* _What you will do_: A picture-free, exact reproduction of the listing that follows is required.

* _Data provided_:
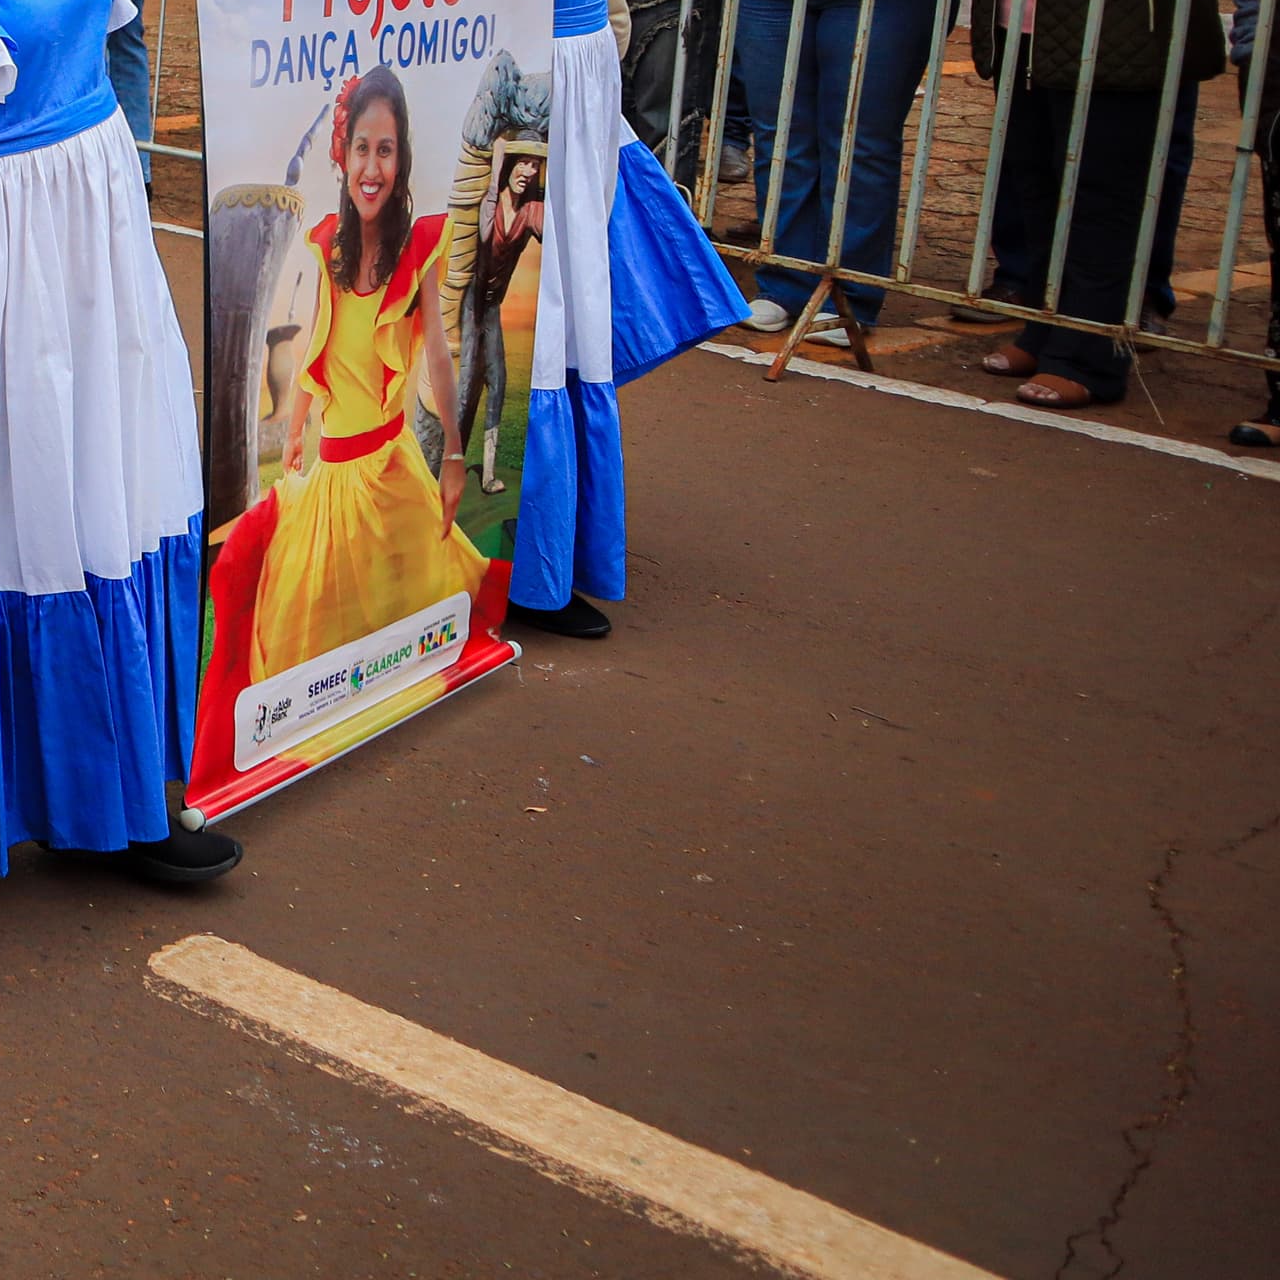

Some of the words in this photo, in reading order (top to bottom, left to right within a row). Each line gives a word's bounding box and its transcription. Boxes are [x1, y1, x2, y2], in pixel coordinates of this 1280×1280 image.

[250, 28, 360, 92] DANÇA
[378, 13, 496, 68] COMIGO!
[365, 640, 413, 678] CAARAPÓ
[308, 668, 347, 698] SEMEEC

* _Answer for this exercise_:
Some of the words in this photo, in reading order (top to bottom, left to right within a row). Each line gives a word's bounding box and its transcription. Boxes are [x1, y1, x2, y2], in pixel coordinates of this 1280×1280 image.

[250, 28, 360, 92] DANÇA
[378, 13, 496, 68] COMIGO!
[365, 640, 413, 678] CAARAPÓ
[308, 668, 347, 698] SEMEEC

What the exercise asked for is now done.